Please retype the data below line for line and leave out every picture.

(Stored items from a collection)
----------------

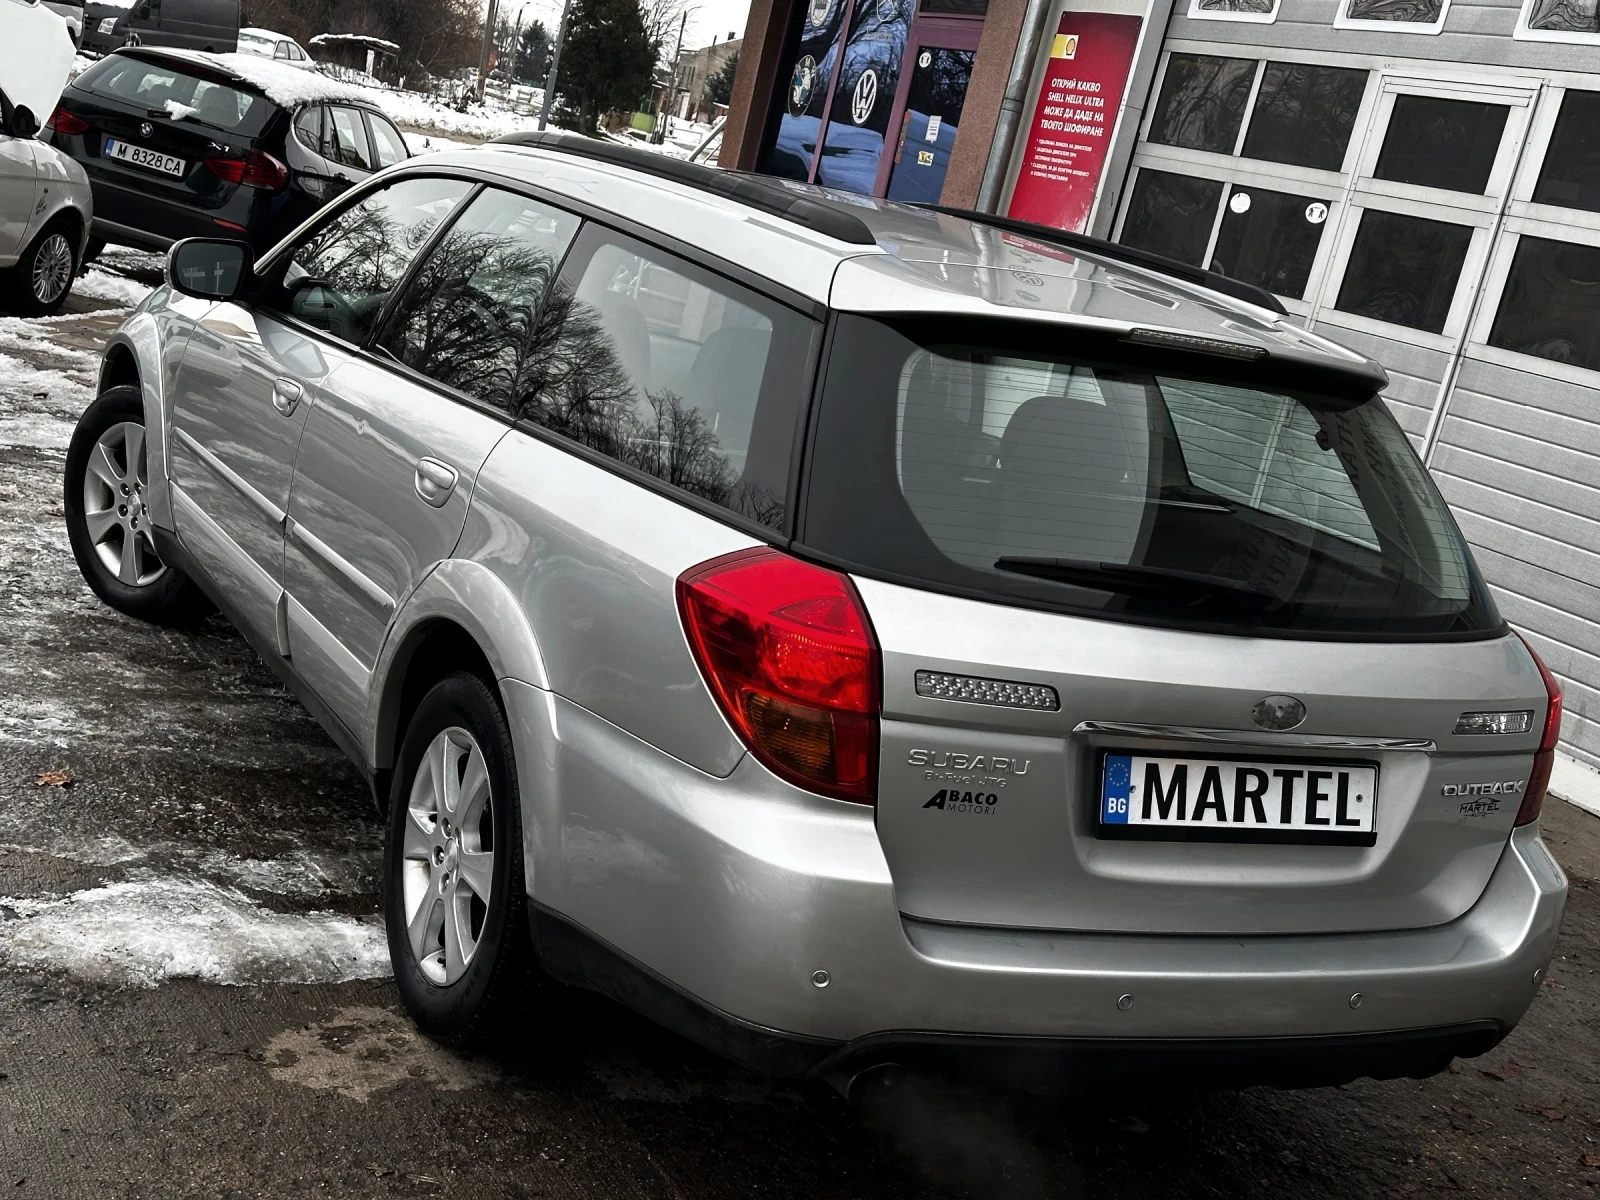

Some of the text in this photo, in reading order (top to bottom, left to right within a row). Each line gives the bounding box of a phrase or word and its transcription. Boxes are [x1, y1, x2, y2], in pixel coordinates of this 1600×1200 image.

[1051, 78, 1101, 92] ОТКРИЙ КАКВО
[1047, 92, 1104, 107] SHELL HELIX ULTRA
[1044, 106, 1104, 122] МОЖЕ ДА ДАДЕ НА
[1041, 119, 1104, 136] ТВОЕТО ШОФИРАНЕ
[117, 144, 128, 158] M
[131, 148, 163, 168] 8328
[164, 157, 180, 174] CA
[907, 749, 1031, 776] SUBARU
[1141, 762, 1362, 827] MARTEL
[1442, 780, 1524, 797] OUTBACK
[922, 789, 998, 811] ABACO
[1107, 798, 1127, 814] BG
[1459, 801, 1500, 814] MARTEL
[947, 803, 996, 815] MOTORI

----------------

● Expected output:
Some of the text in this photo, in reading order (top to bottom, left to right within a row). Each line gives the bounding box of a phrase or word and its transcription. Boxes are [x1, y1, x2, y2], in pixel coordinates of this 1600×1200 image.

[1051, 78, 1101, 92] ОТКРИЙ КАКВО
[1047, 92, 1104, 107] SHELL HELIX ULTRA
[1044, 106, 1104, 122] МОЖЕ ДА ДАДЕ НА
[1041, 119, 1104, 136] ТВОЕТО ШОФИРАНЕ
[117, 144, 128, 158] M
[131, 148, 163, 168] 8328
[164, 157, 180, 174] CA
[907, 749, 1031, 776] SUBARU
[1141, 762, 1362, 827] MARTEL
[1442, 780, 1524, 797] OUTBACK
[922, 789, 998, 811] ABACO
[1107, 798, 1127, 814] BG
[1459, 801, 1500, 814] MARTEL
[947, 803, 996, 815] MOTORI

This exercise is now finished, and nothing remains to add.